• _WORK INSTRUCTIONS_:
Reproduce the entries exactly and omit the pictures.

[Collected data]
◆ ◆ ◆
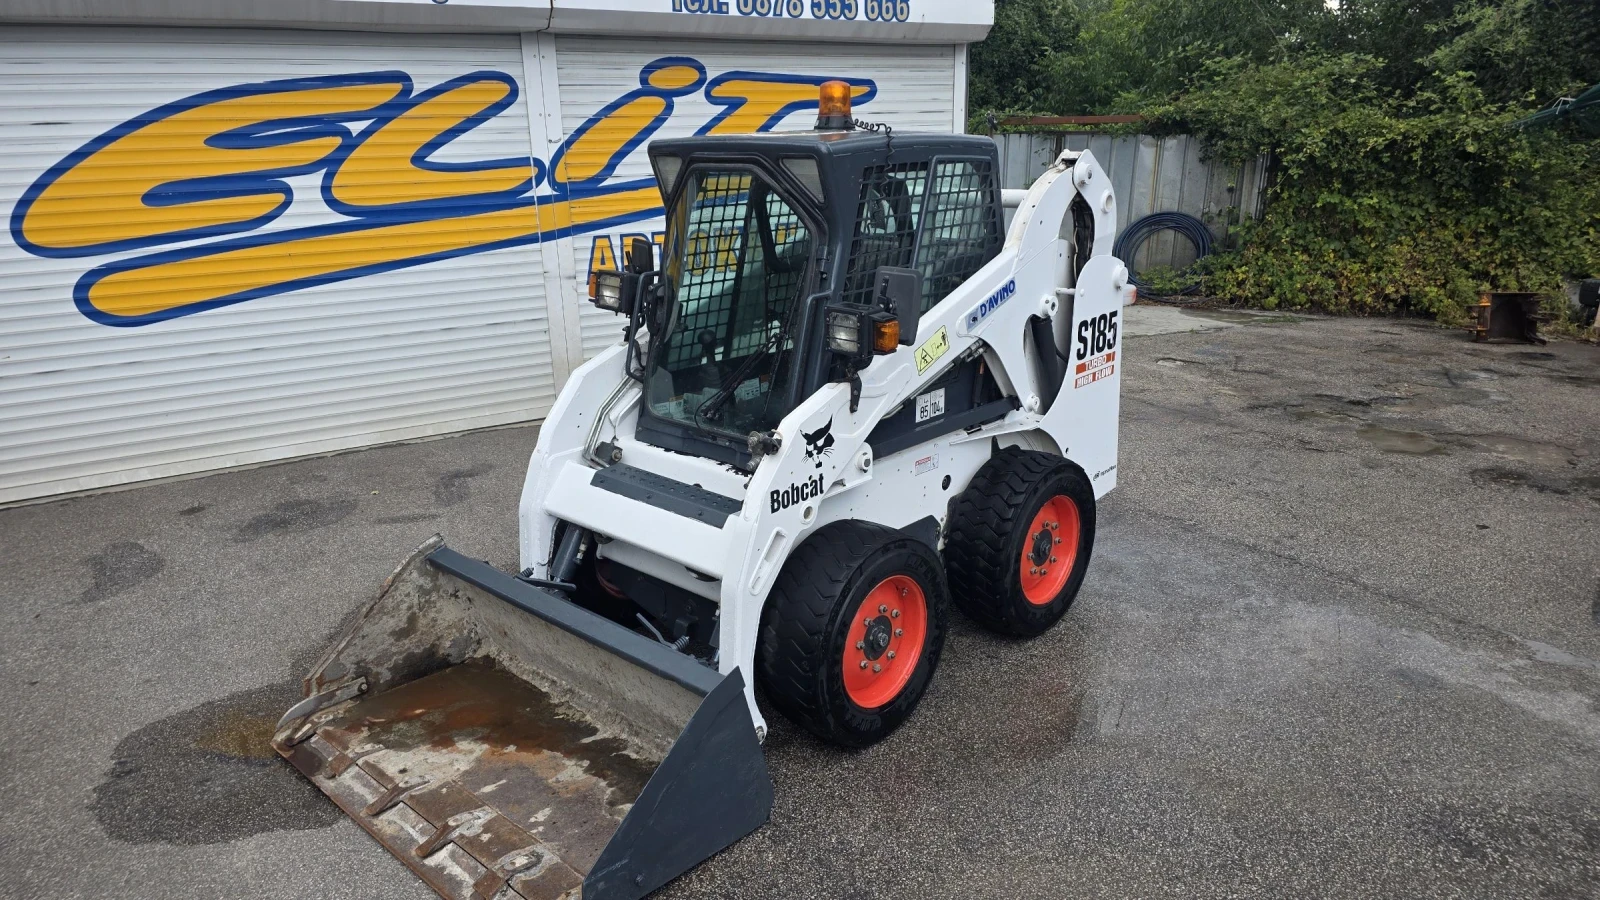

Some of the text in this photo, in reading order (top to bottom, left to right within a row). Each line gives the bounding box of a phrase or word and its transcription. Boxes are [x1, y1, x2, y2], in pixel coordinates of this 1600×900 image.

[811, 0, 858, 20] 555
[865, 0, 909, 22] 666
[980, 279, 1016, 318] D'AVINO
[1076, 310, 1118, 361] S185
[1085, 355, 1108, 371] TURBO
[1076, 365, 1113, 388] HIGH FLOW
[920, 404, 929, 419] 85
[770, 473, 824, 514] Bobcat
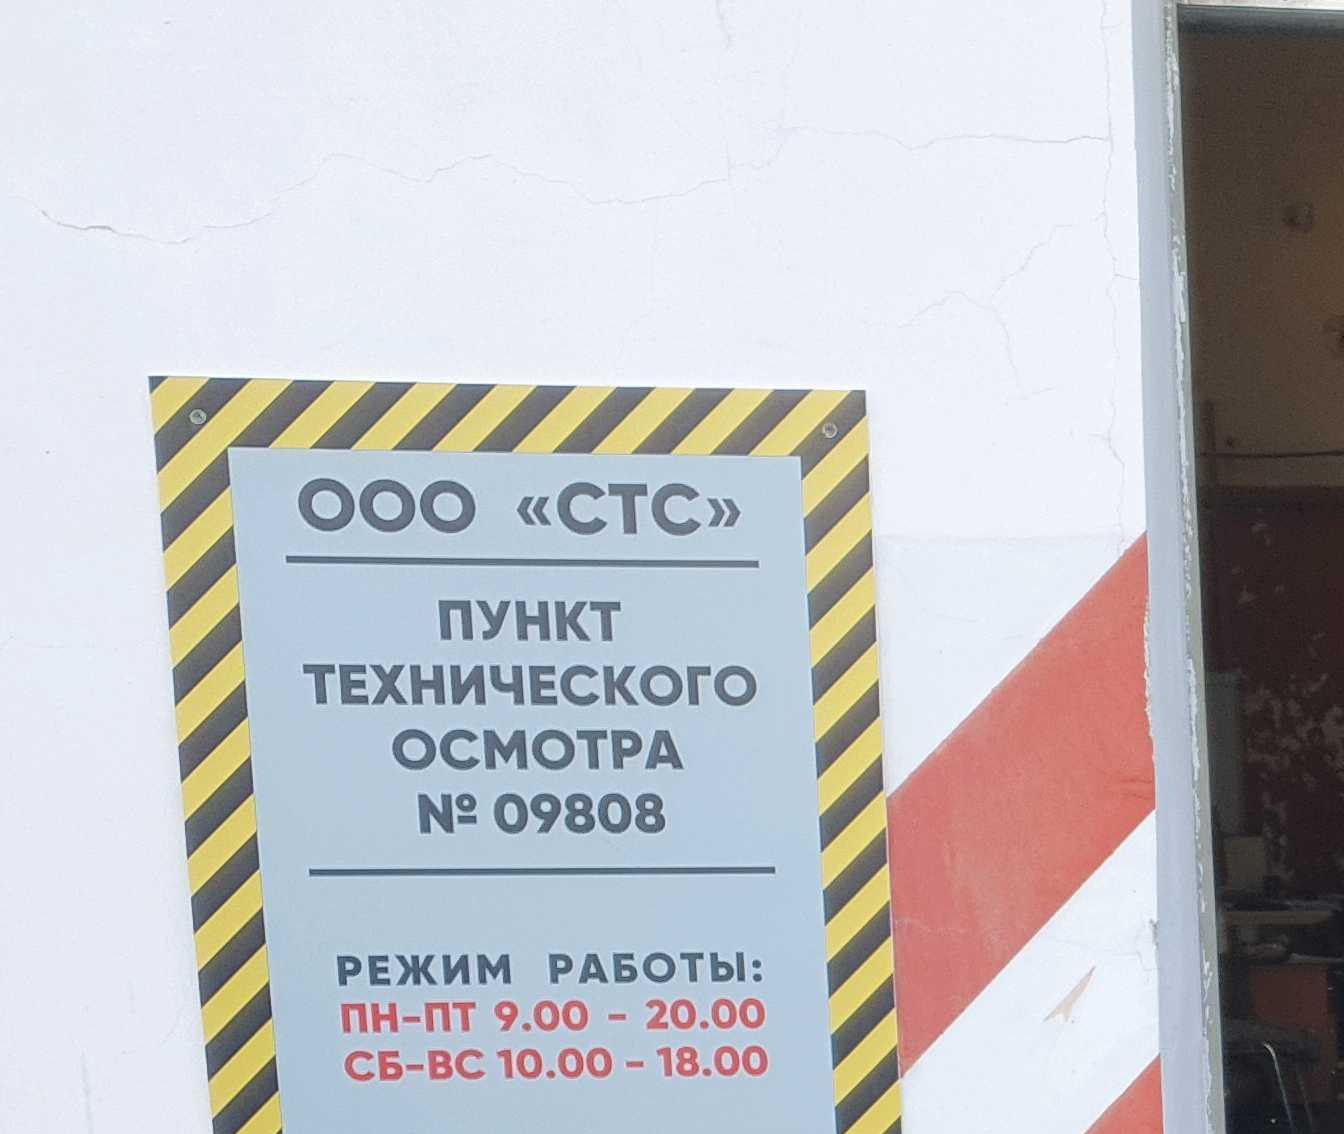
◆ ◆ ◆
• _EXERCISE OUTPUT_:
Some of the text in this photo, in reading order (top to bottom, left to right within a row). Each line gives the bounding box of a phrase or word and its transcription. Boxes are [x1, y1, x2, y2], in pixel coordinates of this 1600×900 image.

[811, 0, 858, 20] 555
[865, 0, 909, 22] 666
[980, 279, 1016, 318] D'AVINO
[1076, 310, 1118, 361] S185
[1085, 355, 1108, 371] TURBO
[1076, 365, 1113, 388] HIGH FLOW
[920, 404, 929, 419] 85
[770, 473, 824, 514] Bobcat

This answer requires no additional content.